• **PROBLEM**
An exact copy of the listing below is needed, with no pictures in it.

• **SUPPLIED MATERIAL**

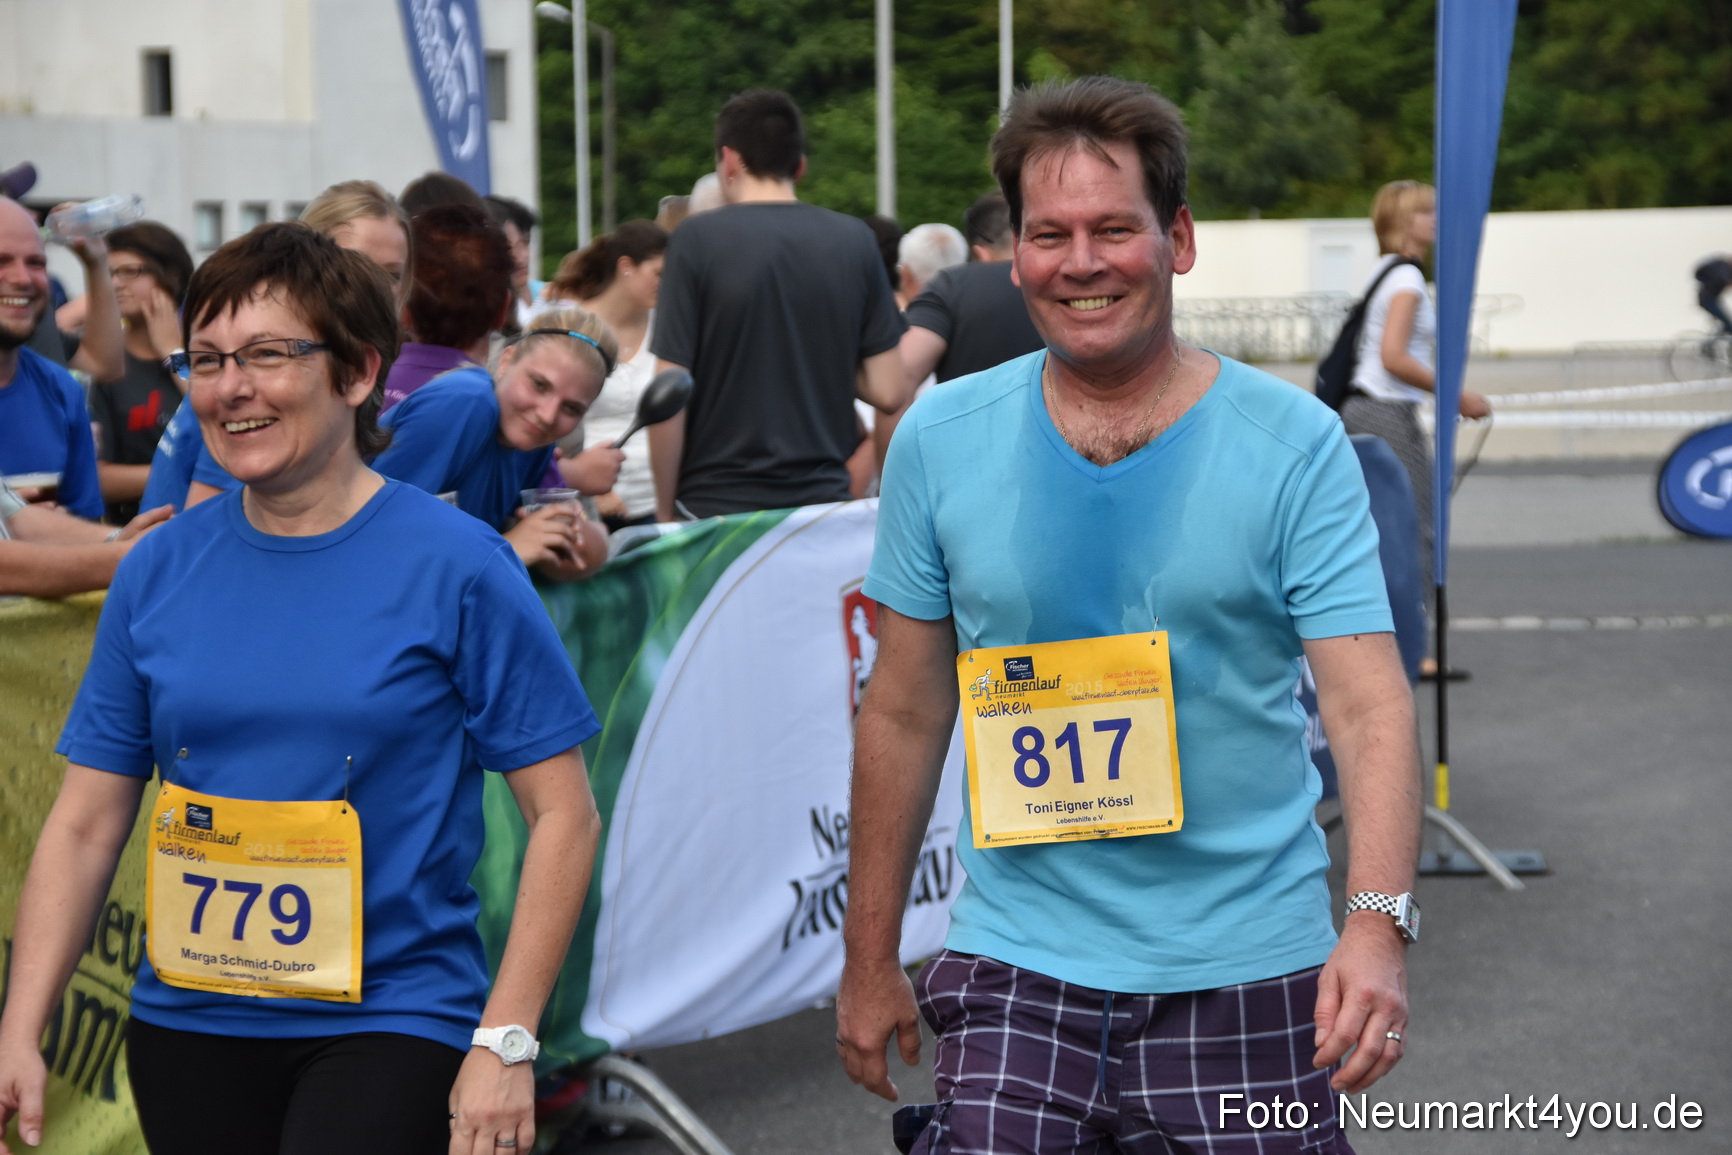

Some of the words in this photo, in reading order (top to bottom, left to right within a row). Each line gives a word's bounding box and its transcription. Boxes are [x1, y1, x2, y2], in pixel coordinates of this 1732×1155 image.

[994, 674, 1062, 694] firmenlauf
[976, 701, 1032, 718] walken
[1012, 717, 1132, 788] 817
[1025, 801, 1053, 815] Toni
[1055, 799, 1094, 814] Eigner
[1098, 795, 1134, 809] Kössl
[1056, 816, 1092, 825] Lebenshilfe
[1092, 814, 1106, 822] e.V.
[173, 821, 242, 846] firmenlauf
[157, 840, 207, 864] walken
[182, 872, 312, 946] 779
[181, 947, 217, 966] Marga
[219, 954, 316, 972] Schmid-Dubro

• **TASK RESPONSE**
Some of the words in this photo, in reading order (top to bottom, left to right within a row). Each line gives a word's bounding box and its transcription. Boxes are [x1, y1, x2, y2], in pixel coordinates of this 1732×1155 image.

[994, 674, 1062, 694] firmenlauf
[976, 701, 1032, 718] walken
[1012, 717, 1132, 788] 817
[1025, 801, 1053, 815] Toni
[1055, 799, 1094, 814] Eigner
[1098, 795, 1134, 809] Kössl
[1056, 816, 1092, 825] Lebenshilfe
[1092, 814, 1106, 822] e.V.
[173, 821, 242, 846] firmenlauf
[157, 840, 207, 864] walken
[182, 872, 312, 946] 779
[181, 947, 217, 966] Marga
[219, 954, 316, 972] Schmid-Dubro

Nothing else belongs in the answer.